Una volta pronti, il 2 febbraio 2018 gli USA rettificarono il loro Posizionamento sulle Armi Nucleari, in pratica riservandosi l’opzione nucleare contro la Russia per impedirle di usare il proprio deterrente nucleare. L’annuncio di Putin dei primi di marzo rende vano quel sistema, per il quale si sono spesi miliardi di dollari, e ristabilisce l’equilibrio nella deterrenza nucleare.

Per Orlov, nel lungo periodo gli USA non hanno altra possibilità, sia pure dopo svariati mal di pancia, che quella di smantellare il loro Impero (e quindi anche la Nato) allo stesso modo di quanto fece l’Urss. Con piu cautela, anche il Saker condivide in sostanza l’opinione di Orlov sulle conseguenze politiche dell’annuncio di Putin.
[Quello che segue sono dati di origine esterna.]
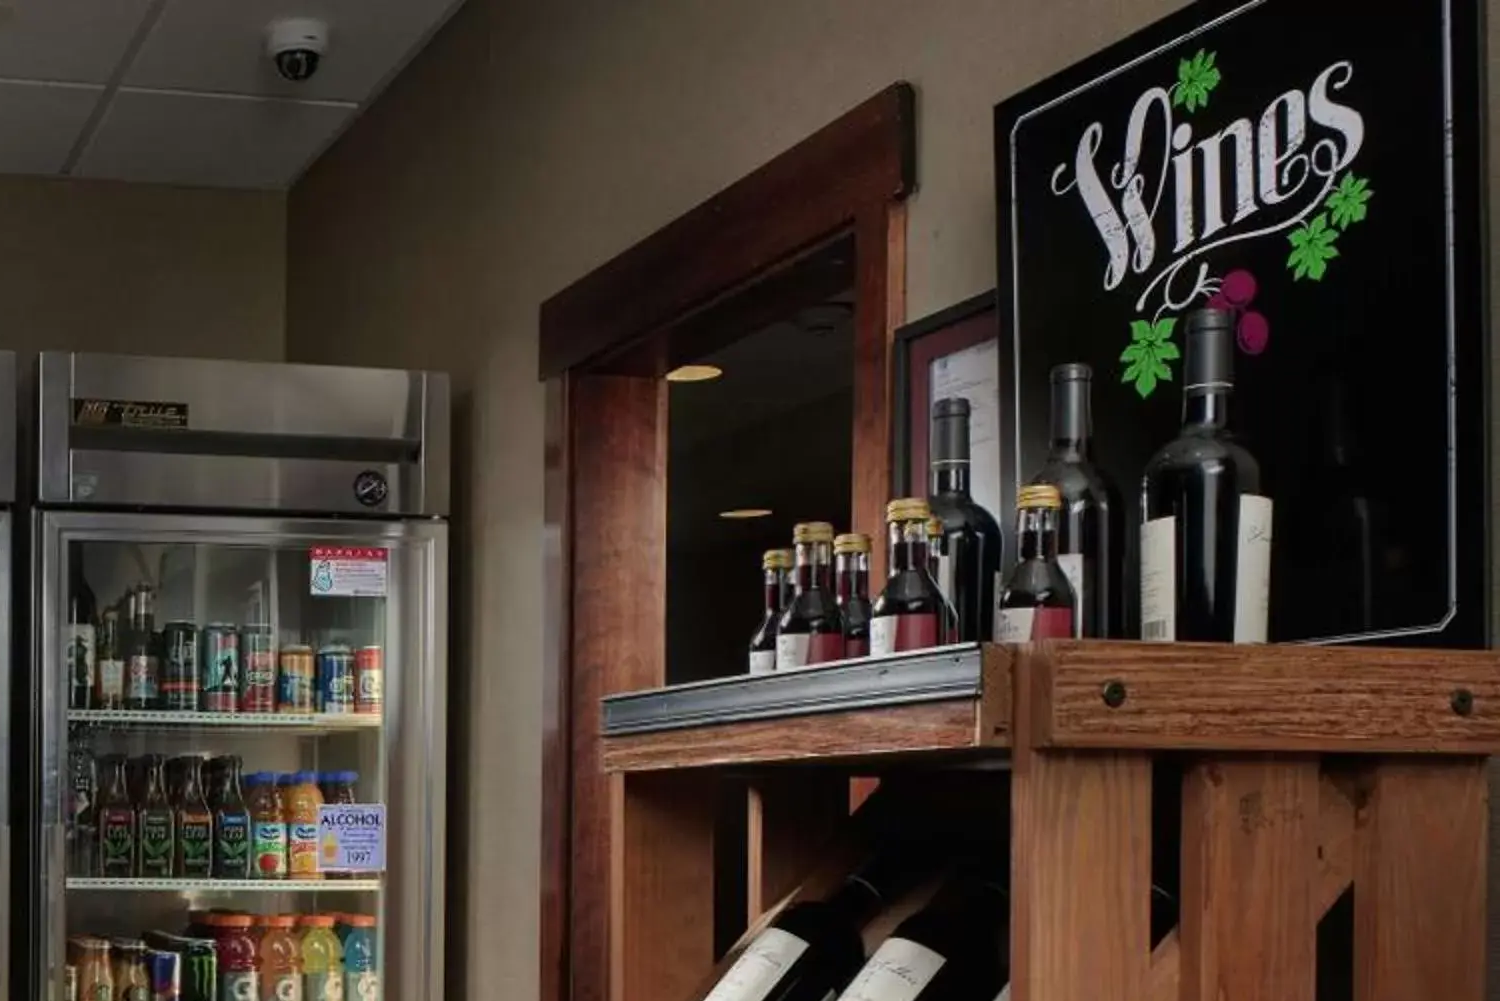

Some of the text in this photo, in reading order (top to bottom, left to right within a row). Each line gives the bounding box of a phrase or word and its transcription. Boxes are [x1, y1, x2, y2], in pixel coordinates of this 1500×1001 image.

[1051, 61, 1366, 291] Wines
[321, 813, 382, 827] ALCOHOL
[346, 851, 372, 865] 1997
Sintetizza in cinque fasi le reazioni statunitensi: negazione, rabbia, contrattazione o patteggiamento, depressione, accettazione3. Personalmente sono incline a molta cautela, fino ad un certo pessimismo. Orlov lega infatti i benefici della deterrenza nucleare al fatto che quelle armi siano

brandite da nazioni pacifiche, che si attengono alla legge, che non hanno piani malvagi su tutto il resto del pianeta.

Senonché: a) come già detto, gli attori nucleari sono cresciuti e nulla vieta che, in qualche potenza anche «piccola», salgano al potere gruppi dirigenti propensi all’azzardo. b) Inoltre, a proposito di novelli Stranamore, Sakerltalia ospita nello stesso giorno la traduzione di un altro articolo dal significativo titolo «I capi di Trump spingono per la guerra nucleare con la Russia».4 Nell’articolo non è detto chiaramente chi siano questi capi, ma basta questa frase attribuita al Pentagono, per non consentire troppo ottimismo, naturalmente se il suo contenuto è vero:

Secondo il Pentagono, gli Stati Uniti hanno il diritto, se è possibile l’utilizzo di questa parola, di mantenere il «dominio aerospaziale globale» al fine di sostenere quella che viene definita «politica globale degli Stati Uniti».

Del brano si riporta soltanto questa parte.